------ Data excerpts
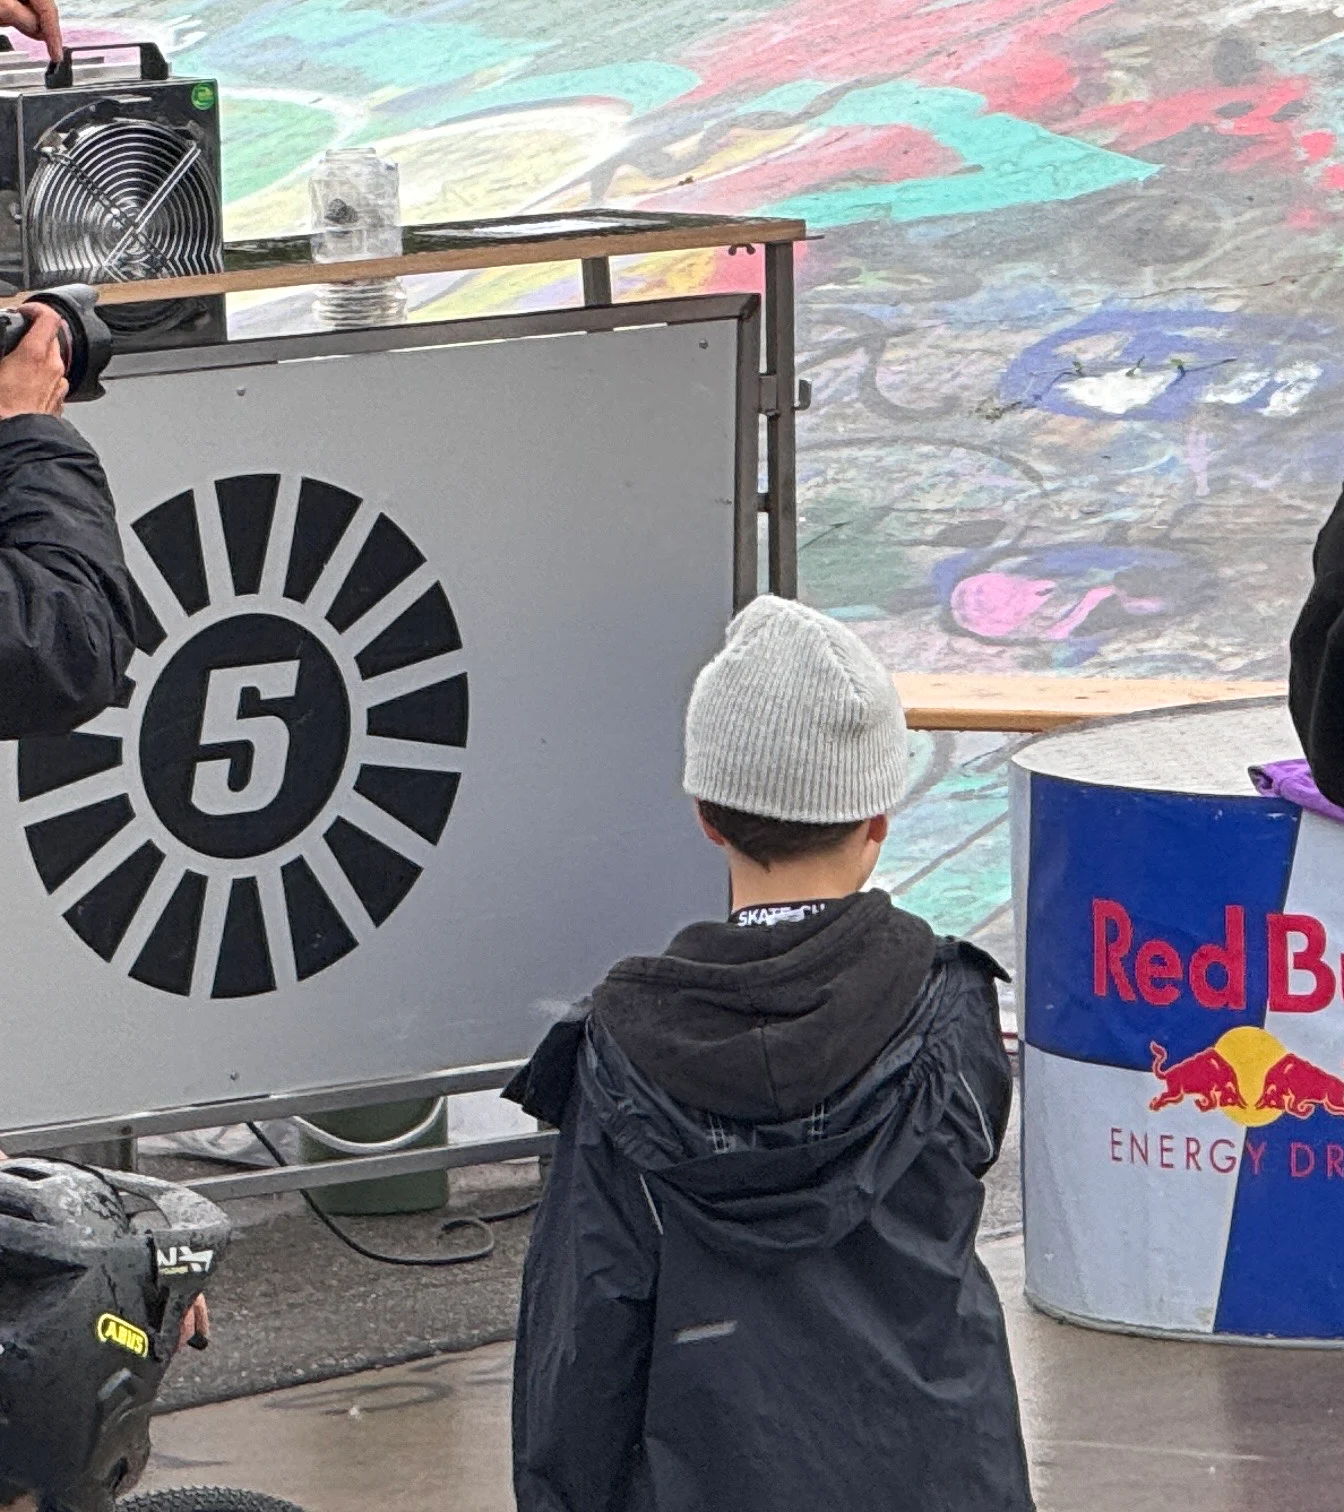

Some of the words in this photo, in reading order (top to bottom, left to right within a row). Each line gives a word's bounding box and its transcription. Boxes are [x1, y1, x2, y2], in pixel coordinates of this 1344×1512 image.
------------
------ Data excerpts
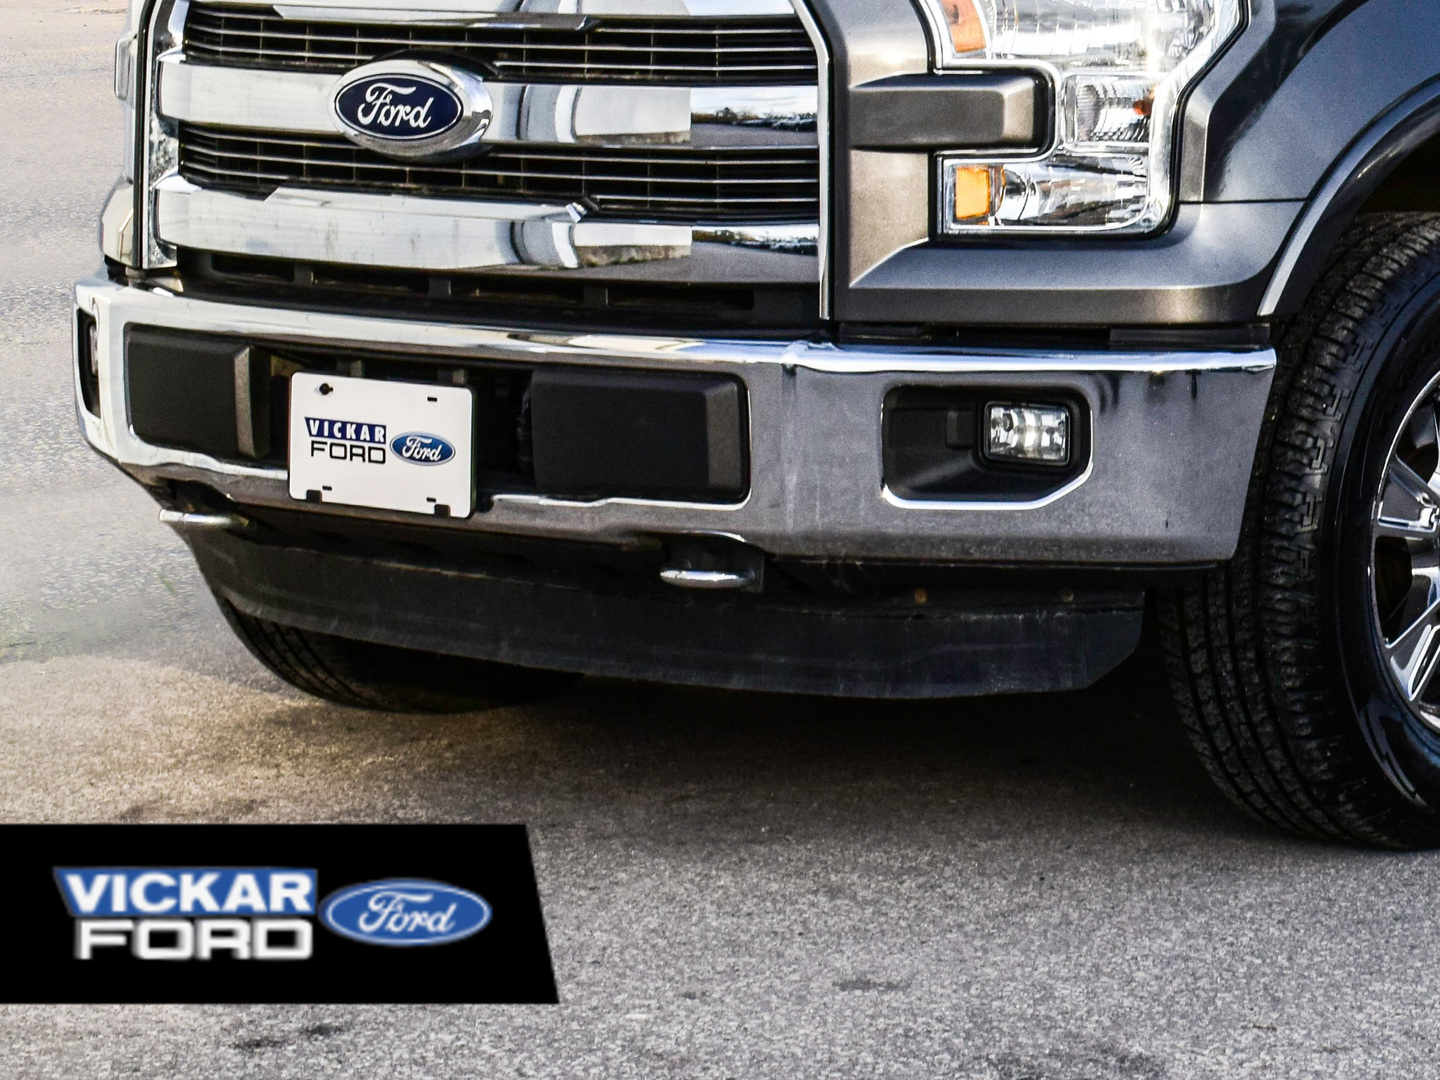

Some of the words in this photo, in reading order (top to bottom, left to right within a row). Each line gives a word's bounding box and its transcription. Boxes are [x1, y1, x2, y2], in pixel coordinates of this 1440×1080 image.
------------
------ Data excerpts
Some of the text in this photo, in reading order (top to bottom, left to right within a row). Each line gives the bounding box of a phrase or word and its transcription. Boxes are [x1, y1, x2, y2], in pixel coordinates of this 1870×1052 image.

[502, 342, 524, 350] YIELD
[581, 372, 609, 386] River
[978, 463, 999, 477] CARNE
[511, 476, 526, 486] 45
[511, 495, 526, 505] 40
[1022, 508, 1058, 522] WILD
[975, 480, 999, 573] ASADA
------------
Task instructions: Whenever a line of the data holds the string "words", pick that line out.

Finished task:
Some of the words in this photo, in reading order (top to bottom, left to right within a row). Each line gives a word's bounding box and its transcription. Boxes are [x1, y1, x2, y2], in pixel coordinates of this 1344×1512 image.
Some of the words in this photo, in reading order (top to bottom, left to right within a row). Each line gives a word's bounding box and its transcription. Boxes are [x1, y1, x2, y2], in pixel coordinates of this 1440×1080 image.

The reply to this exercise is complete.